What a Crash Actually Looks Like
Worth being precise about what I mean. A real crash — like 2008–09 — is sudden and disorderly: values plunge almost overnight, financing dries up, buyers walk away from their deposits, and airplanes sit because there’s no one to buy them at any price. New business-jet deliveries fell nearly 34% in a single year, and it took years to climb back. What we have now is the opposite on every count — value drops of 15% or less, financing that’s tighter but still available, and airplanes that are still changing hands. That’s a soft, orderly market, not a crash.
Why Q2 got so quiet
A handful of things piled up at the same time. None of them is a disaster on its own, but together they explain why the phone has been ringing less.
Rates didn’t come down the way everybody expected. Oil shot past $110 a barrel after the conflict with Iran, inflation came roaring back, and the Fed stopped dropping rates — so financing an airplane still costs more, and that takes the urgency out of buyers. Financing also got tighter; the days of 100% loans with no money down are basically over, and lenders want bigger down payments.
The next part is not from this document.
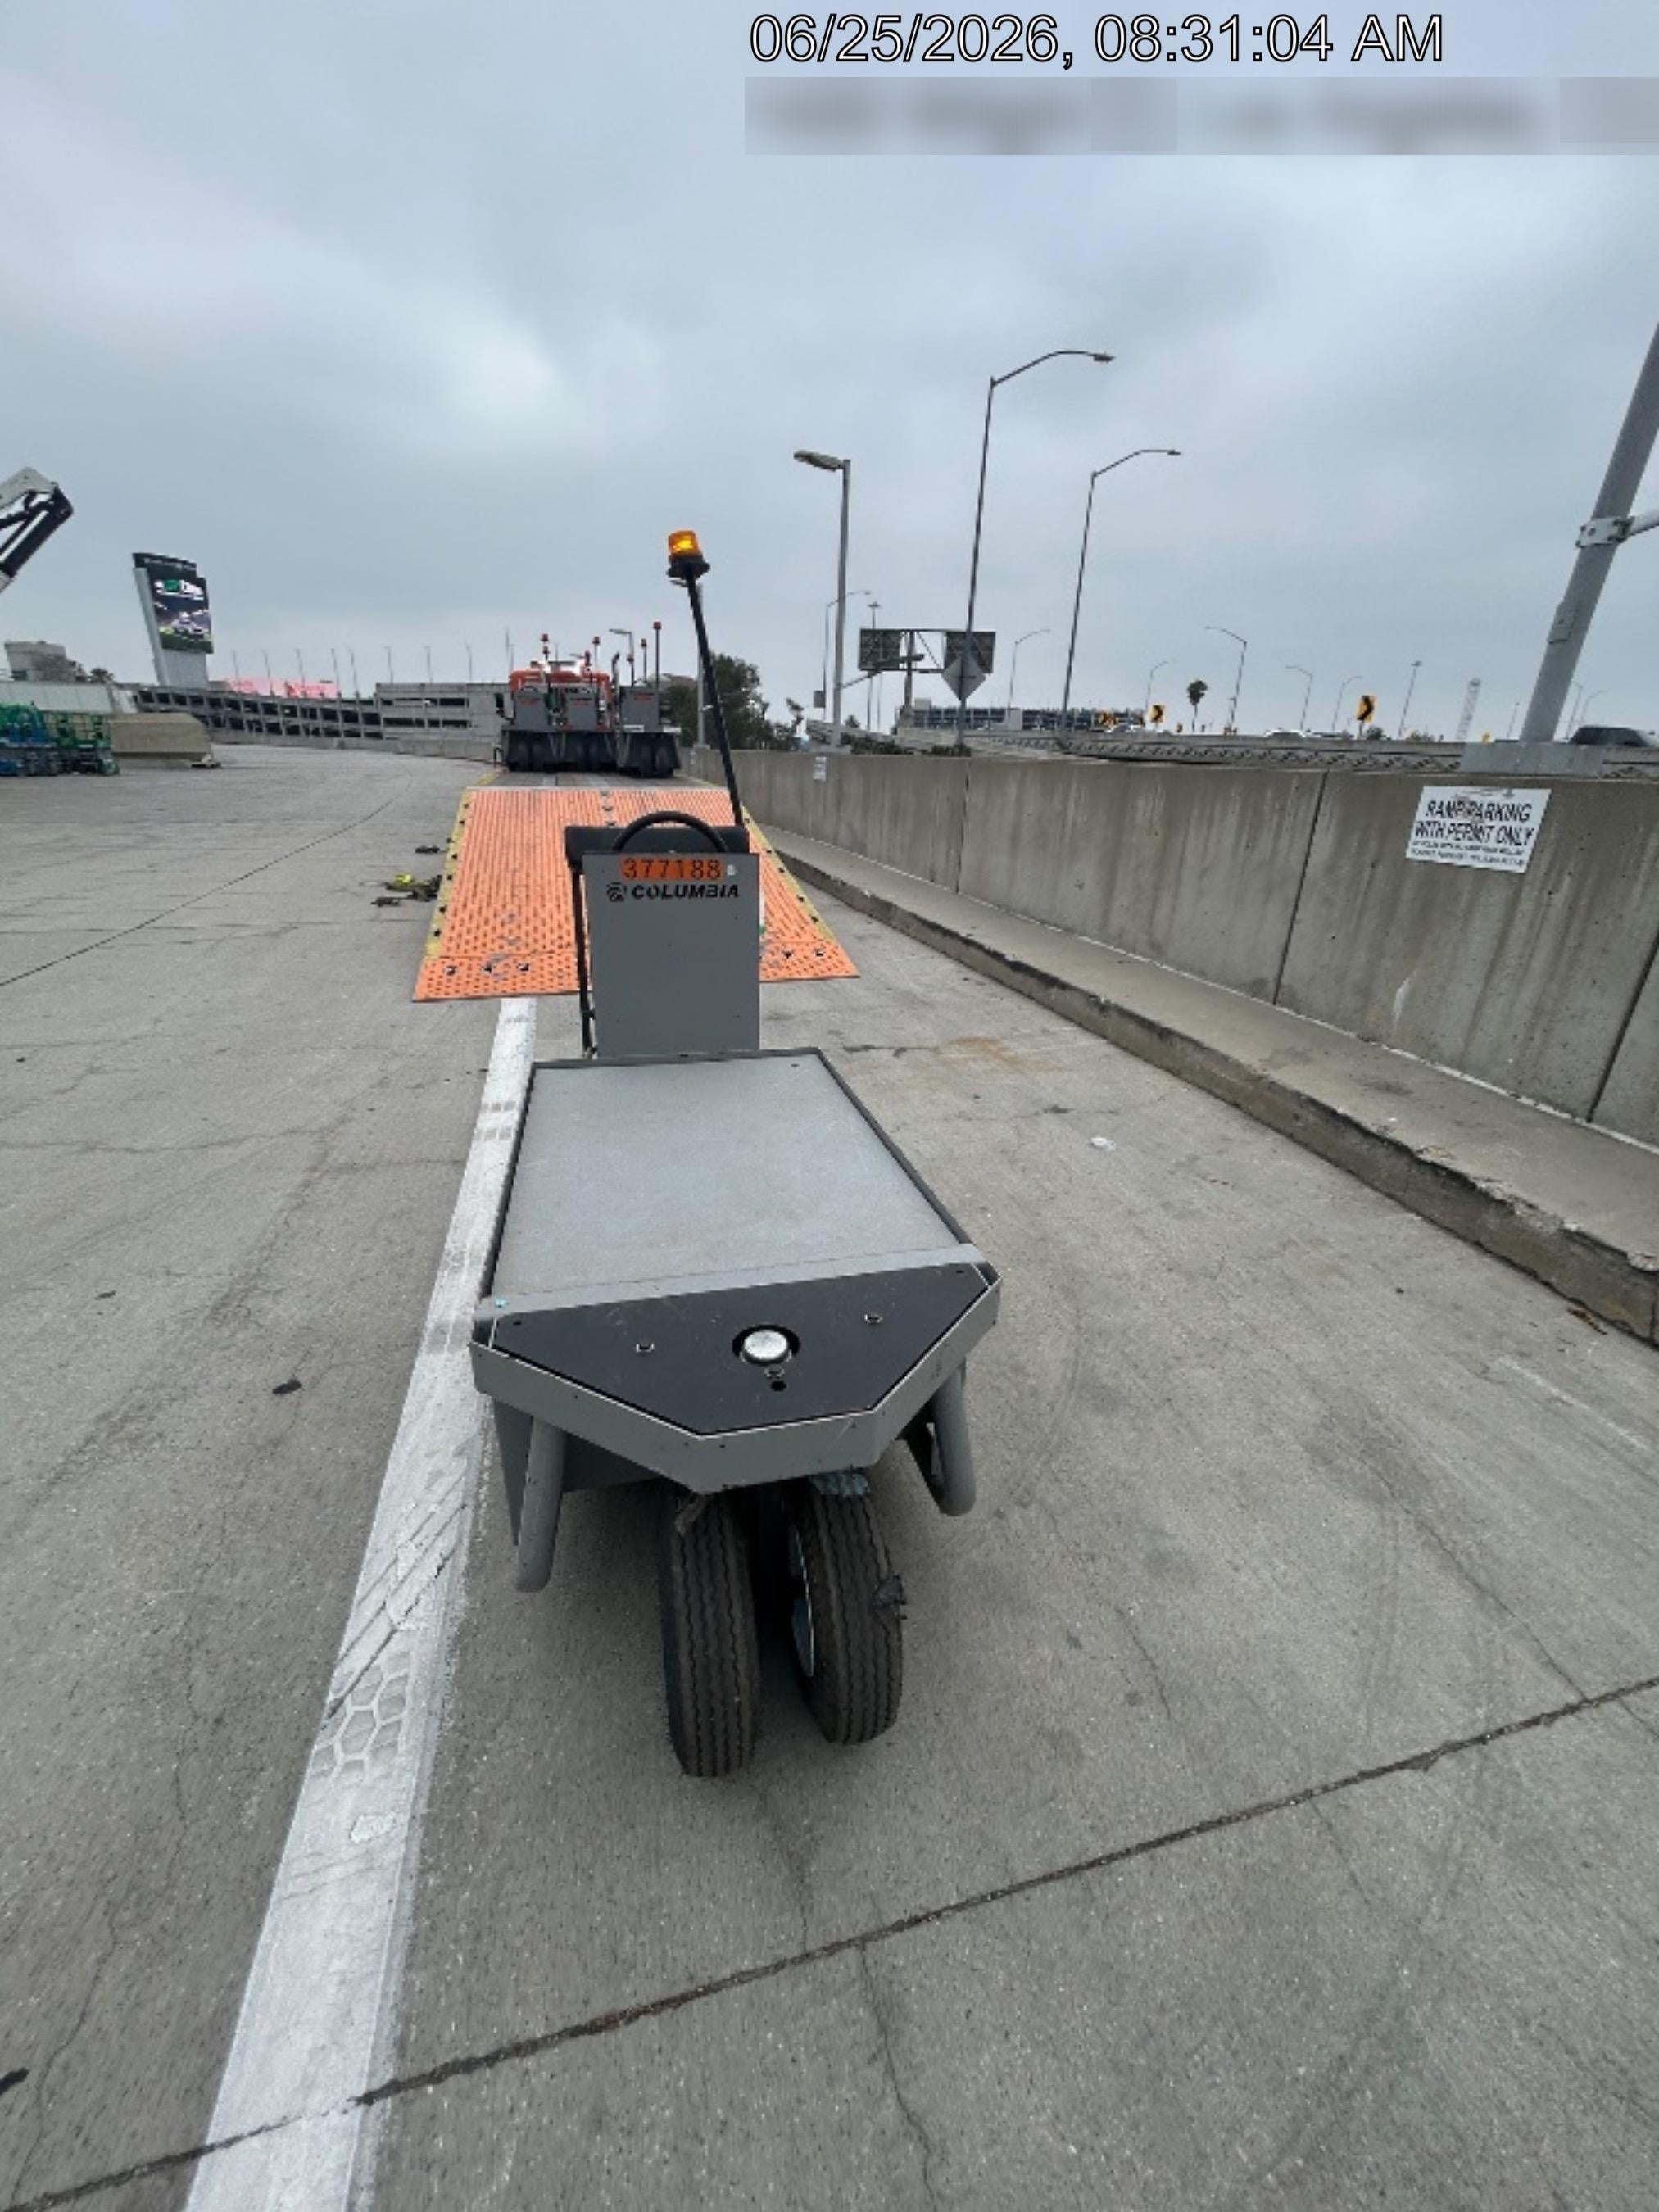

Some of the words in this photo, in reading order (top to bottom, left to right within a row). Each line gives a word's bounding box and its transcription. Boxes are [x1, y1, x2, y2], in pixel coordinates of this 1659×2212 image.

The tax rush already happened, too: when the One Big Beautiful Bill brought back 100% bonus depreciation, it set off a mad dash to close before year-end, and a lot of the folks who’d have been shopping this spring already bought last winter. Plus, there are simply more airplanes to choose from now, which hands buyers options and pulls pricing power away from sellers.
So what should you do?
It depends on which side of the deal you’re on.
If you’re selling, price to today’s market — not the 2022 peak, and, unfortunately, not what you paid for the airplane. Realistically priced airplanes are still selling; the ones that sit are the ones chasing a number the market left behind. Keep your logs complete, stay current on inspections (don’t forget those 24-month IFR inspections!) and ADs, and present the airplane well. Have a thorough annual done before putting it on the market. Keep it clean and do whatever cosmetic or avionics fixes or upgrades you’ve been neglecting — you want it to show as well as possible, because there’s a lot of competition out there.
Re-dyeing the leather seats is a cost-effective way to spruce up the interior without replacing the seats. A good wash will certainly help the exterior. Glass in the panel always shows better than steam gauges, so even something simple like an Aspen upgrade, two Garmin GI 275s or G5s, or a 7-inch Garmin G3X will bring value to your airplane and make it show better — any of those are less than $10,000. If you do still have a Garmin 530W or 430W, consider changing them out for a newer Garmin or Avidyne IFD unit; Garmin won’t support the 530W/430W anymore. And Avidyne is quietly ending support for the Entegra system this fall — but the good news is the Avidyne Vantage panels are finally certified.
And if you can wait, give it some thought — the back half of the year is shaping up stronger. The fourth quarter is traditionally the best stretch for used sales, and now that bonus depreciation is permanent, that year-end push resets every fall.
If you’re buying, this is your window. Higher rates have thinned out the competition, there are more airplanes to pick from than there have been in years, and sellers are more willing to deal. If you’ve got cash ready or financing lined up, you’ve got leverage you didn’t have eighteen months ago. Be picky — buy the clean one with good records.
If you’re just holding, relax. There’s no reason to panic-sell. Most piston values are easing off slowly, not collapsing. Patience wins here.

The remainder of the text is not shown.